(Records from a data collection)
****************************************

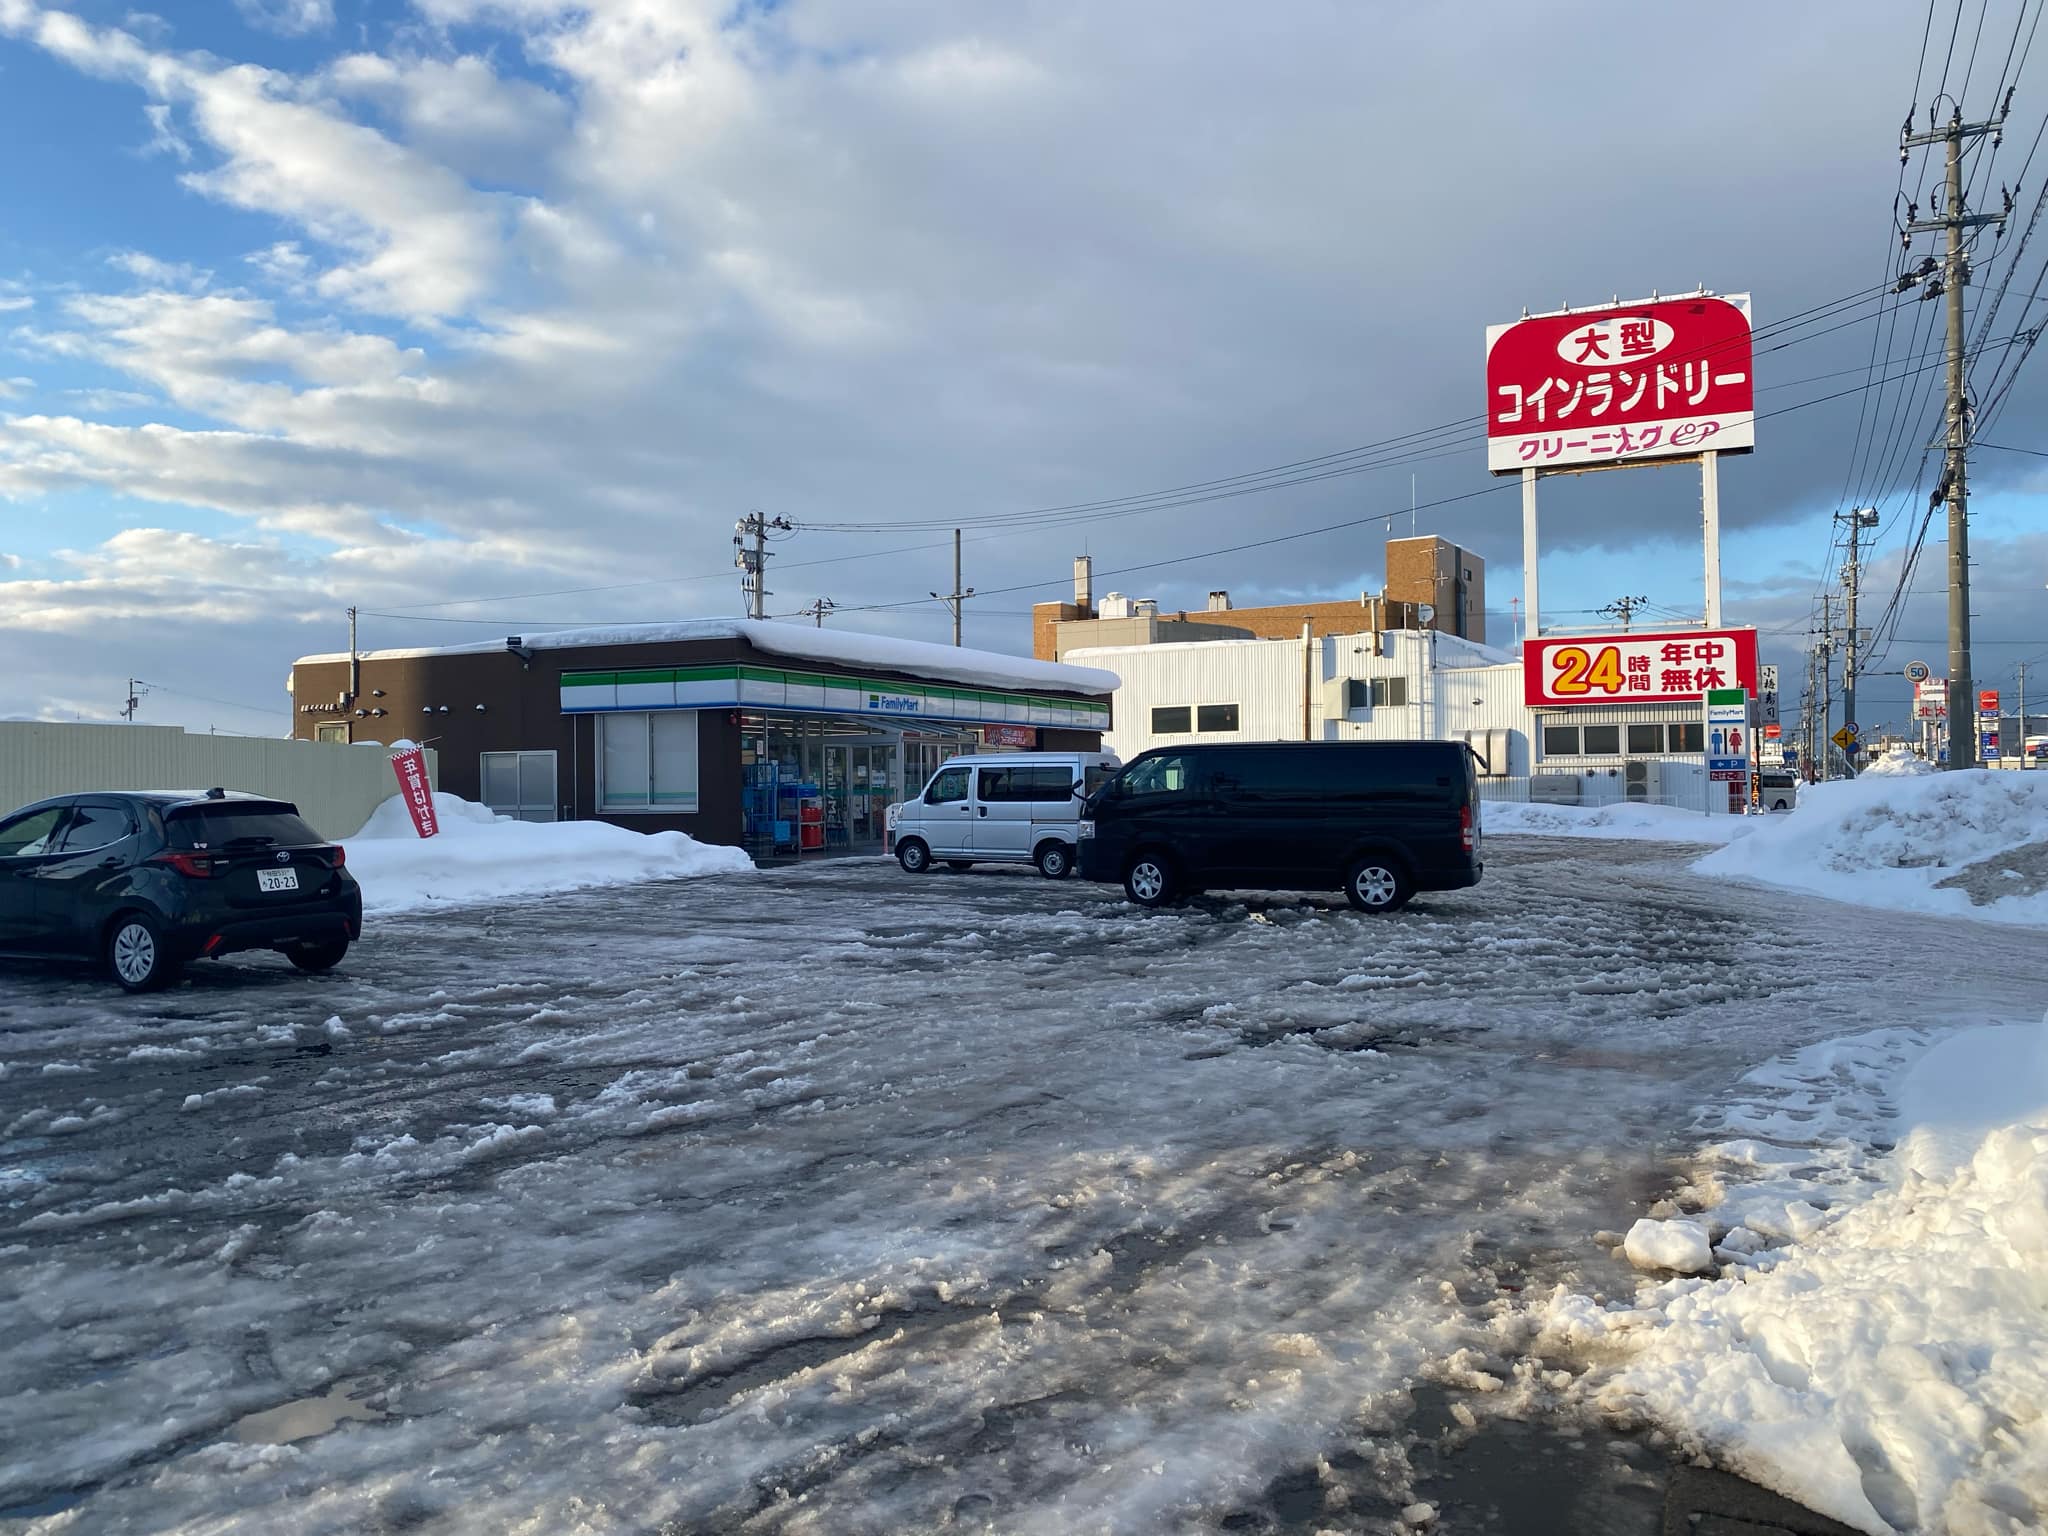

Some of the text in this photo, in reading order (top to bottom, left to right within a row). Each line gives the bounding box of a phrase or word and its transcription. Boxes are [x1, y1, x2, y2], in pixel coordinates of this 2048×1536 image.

[1574, 318, 1657, 364] 大型
[1497, 359, 1746, 424] コインランドリー
[1552, 645, 1627, 696] 24
[1660, 641, 1725, 666] 年中
[1910, 667, 1925, 677] 50
[1660, 667, 1727, 692] 無休
[881, 695, 919, 712] FamilyMart
[1709, 708, 1744, 717] FamilyMart
[1730, 760, 1738, 769] P
[267, 876, 297, 889] 20-23
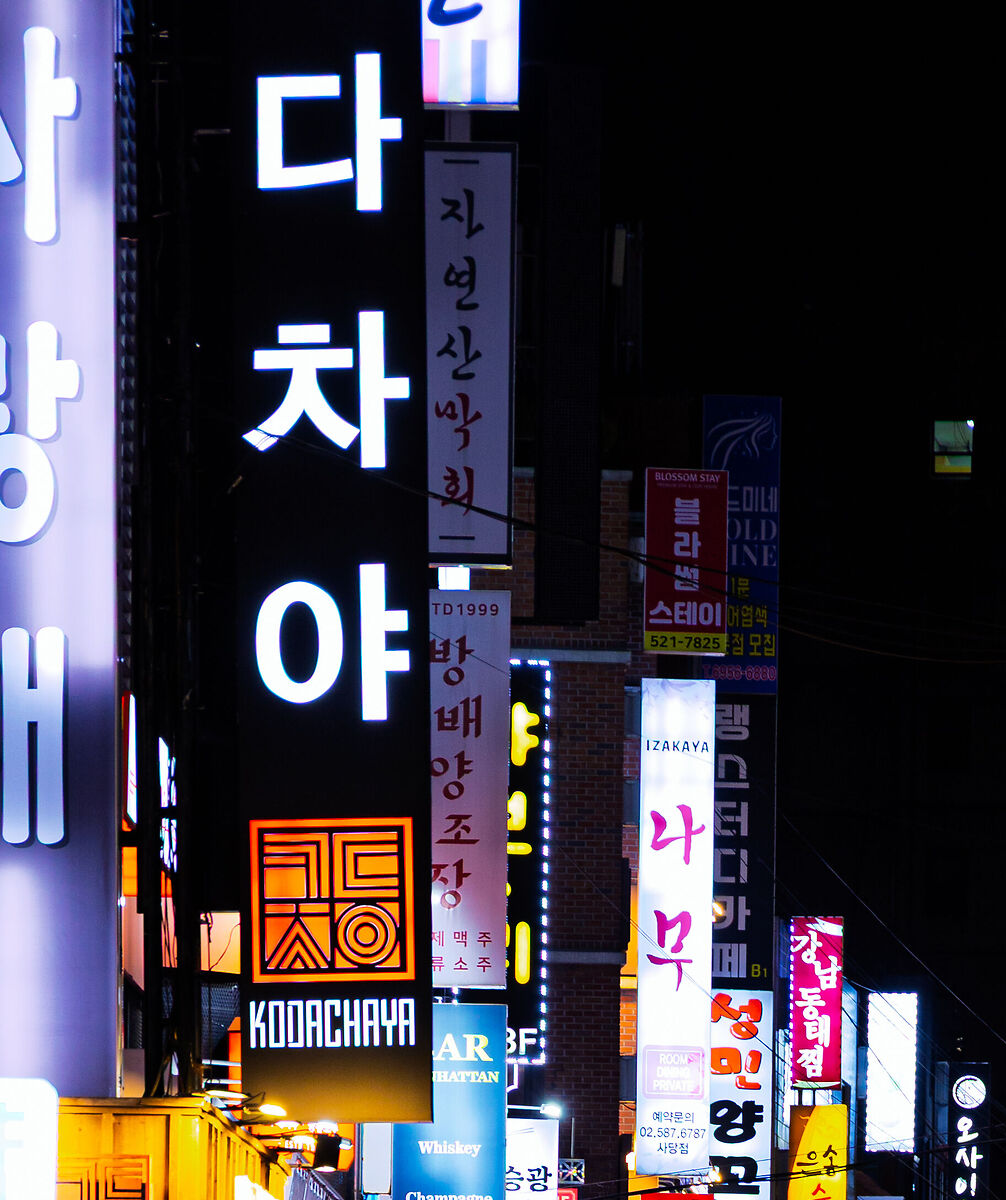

****************************************

AIM OF THE TASK: All the records above need to be given again word for word. Skip the pictures.

THE ANSWER:
Some of the text in this photo, in reading order (top to bottom, left to right within a row). Each line gives the bounding box of a phrase or word and its transcription. Boxes are [x1, y1, x2, y2], in pixel coordinates of this 2048×1536 image.

[1574, 318, 1657, 364] 大型
[1497, 359, 1746, 424] コインランドリー
[1552, 645, 1627, 696] 24
[1660, 641, 1725, 666] 年中
[1910, 667, 1925, 677] 50
[1660, 667, 1727, 692] 無休
[881, 695, 919, 712] FamilyMart
[1709, 708, 1744, 717] FamilyMart
[1730, 760, 1738, 769] P
[267, 876, 297, 889] 20-23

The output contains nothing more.